Users of the stable gcc 3.2.3 are not encountering this bug are they? If not then perhaps checking gcc --version | head -n 1 | awk '{print $3}' and then filtering from there would be the ideal way to go.. But I'm sure you had already planned for that :) As a rule of thumb just about anything that opens a socket to the outside world is something that we would want to protect with PaX & propolice(ssp). PaX prevents real buffer & heap overflows by limiting arbitrary read/write/execution access of the processes memory and propolice(ssp) to protect from the return-to-libc style attacks.
If they are not used together then its almost as good as nothing at all.
I have just posted Dr. Etoh's patch to propolice to bug 28728. So you might want to try it with your gcc. I'm going to do so here, but it will take a while to test. I experienced frequent lockups in mozilla-1.4 when compiled with both -fstack-protector and -fforce-addr. I don't know if this was caused by either of those flags or not. See my comments to bug 28728. I'm passing this along so you can be aware of a *possible* gotcha with either of these flags. Does anyone know how stable -fstack-protector and -fforce-addr are? (Why isn't -fforce-addr included with -O2? From the documentation of -fforce-addr, it appears to be "safe." See my colloquy with Andy Dustman in bug 28728.)
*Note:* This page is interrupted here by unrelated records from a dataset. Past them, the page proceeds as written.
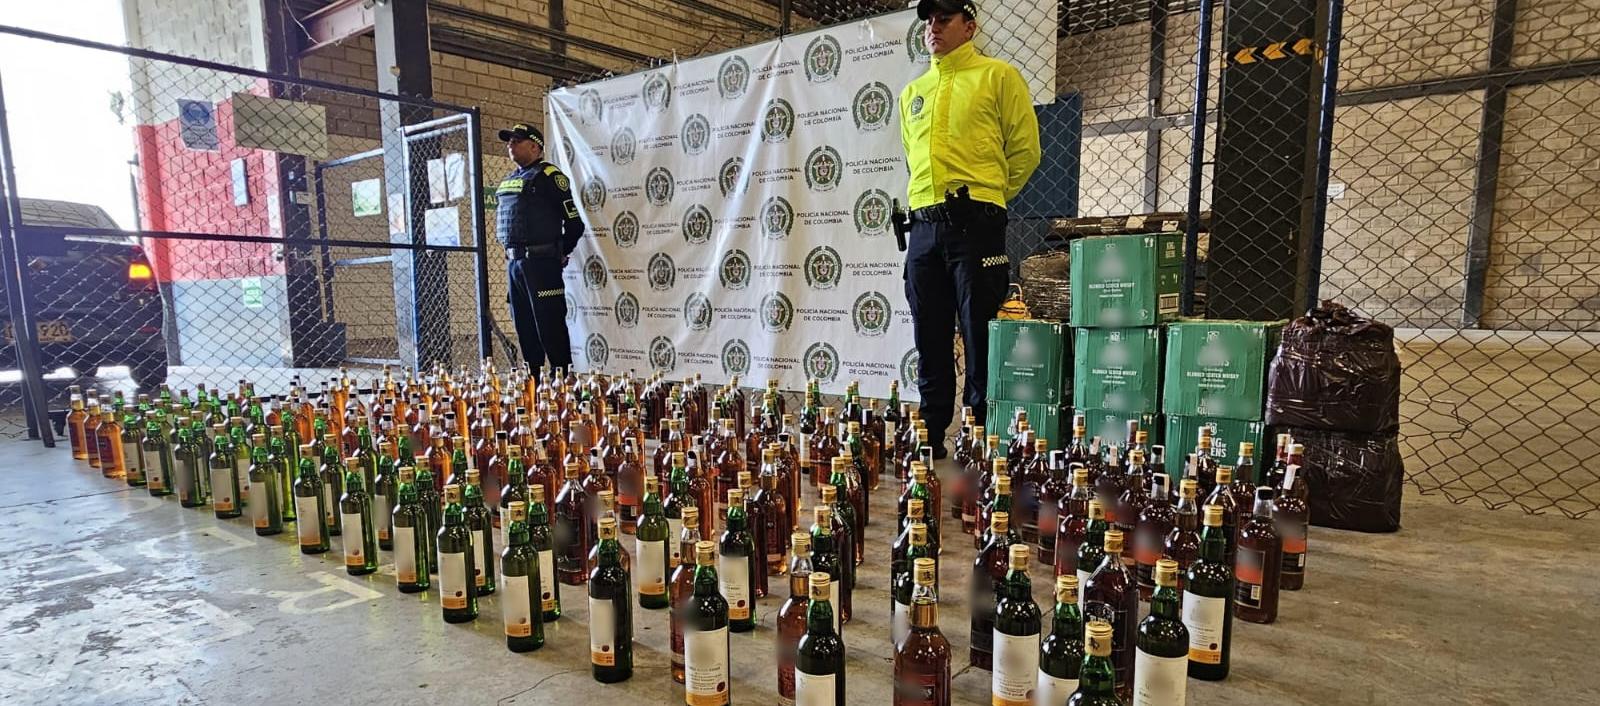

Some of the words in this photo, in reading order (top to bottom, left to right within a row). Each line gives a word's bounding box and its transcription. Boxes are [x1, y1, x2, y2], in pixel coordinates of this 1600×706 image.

[869, 39, 902, 50] NACIONAL
[862, 50, 894, 60] COLOMBIA
[766, 69, 794, 79] COMBIA
[820, 106, 848, 116] NACIONAL
[813, 116, 842, 125] COLOMBIA
[870, 156, 901, 165] NACIONAL
[861, 165, 894, 174] COLOMBIA
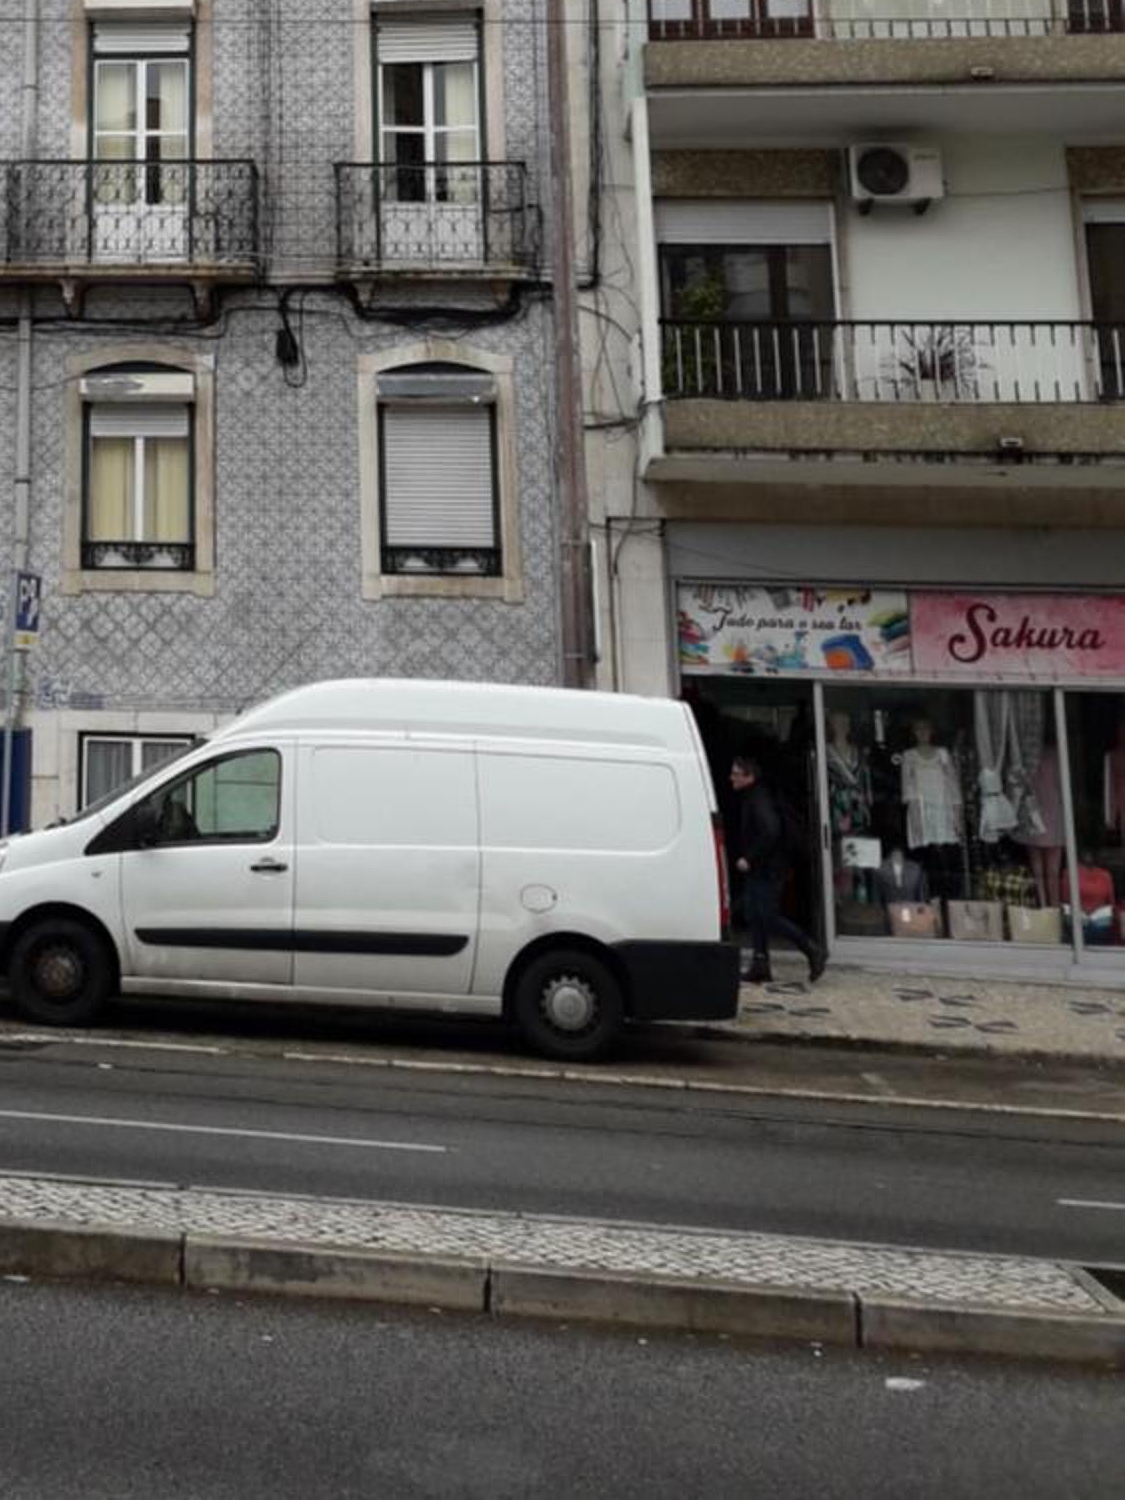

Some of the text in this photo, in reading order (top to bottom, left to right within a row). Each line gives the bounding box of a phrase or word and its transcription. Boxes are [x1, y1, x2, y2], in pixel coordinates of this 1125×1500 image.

[756, 616, 794, 631] para
[798, 618, 808, 628] o
[812, 617, 835, 630] seu
[839, 615, 862, 631] lar
[948, 603, 1106, 664] Sakura
Update the name of the bug
This still is a issue with gcc version 3.2.3 (stable) ... is there a propolice patch available for this version?
Addl info requested by Alexander: Compiling rpcclient/cmd_spoolss.c rpcclient/cmd_spoolss.c: In function `display_reg_value': rpcclient/cmd_spoolss.c:666: Internal compiler error in add_insn_before, at emit-rtl.c:3567 Please submit a full bug report, with preprocessed source if appropriate. See <URL:http://bugs.gentoo.org/> for instructions. make: *** [rpcclient/cmd_spoolss.o] Error 1 !!! ERROR: net-fs/samba-3.0.0-r1 failed. !!! Function src_compile, Line 160, Exitcode 2 !!! SAMBA pieces Portage 2.0.49-r15 (default-x86-1.4, gcc-3.2.3, glibc-2.3.2-r3, 2.4.22-ac4) ================================================================= System uname: 2.4.22-ac4 i686 Pentium III (Coppermine) Gentoo Base System version 1.4.3.10 ACCEPT_KEYWORDS="x86" AUTOCLEAN="yes" CFLAGS="-O2 -mcpu=pentium3 -fstack-protector -funroll-loops -fomit-frame-pointer -pipe" CHOST="i686-pc-linux-gnu" COMPILER="gcc3" CONFIG_PROTECT="/etc /var/qmail/control /usr/share/config /usr/kde/2/share/config /usr/kde/3/share/config" CONFIG_PROTECT_MASK="/etc/gconf /etc/env.d" CXXFLAGS="-O2 -mcpu=pentium3 -fstack-protector -funroll-loops -fomit-frame-pointer -pipe" DISTDIR="/usr/portage/distfiles" FEATURES="sandbox ccache autoaddcvs" GENTOO_MIRRORS="http://www.gtlib.cc.gatech.edu/pub/gentoo ftp://ftp.gtlib.cc.gatech.edu/pub/gentoo ftp://mirror.iawnet.sandia.gov/pub/gentoo/ http://gentoo.mirrors.pair.com/ ftp://gentoo.mirrors.pair.com/ http://gentoo.seren.com/gentoo rsync://gentoo.seren.com/gentoo http://gentoo.noved.org/" MAKEOPTS="-j3" PKGDIR="/usr/portage/packages" PORTAGE_TMPDIR="/var/tmp" PORTDIR="/usr/portage" PORTDIR_OVERLAY="/usr/local/portage" SYNC="rsync://rsync.gentoo.org/gentoo-portage" USE="x86 oss apm arts avi crypt cups encode foomaticdb gif imlib jpeg libg++ mad mikmod motif mpeg ncurses nls oggvorbis opengl pdflib png quicktime sdl spell truetype xml2 xmms xv zlib gdbm berkdb slang readline tcpd libwww perl python -X -gtk -gtk2 -gnome -alsa -qt -kde -gpm -svga apache2 gd mysql ldap kerberos threads freedts xml pam samba sasl ssl unicode"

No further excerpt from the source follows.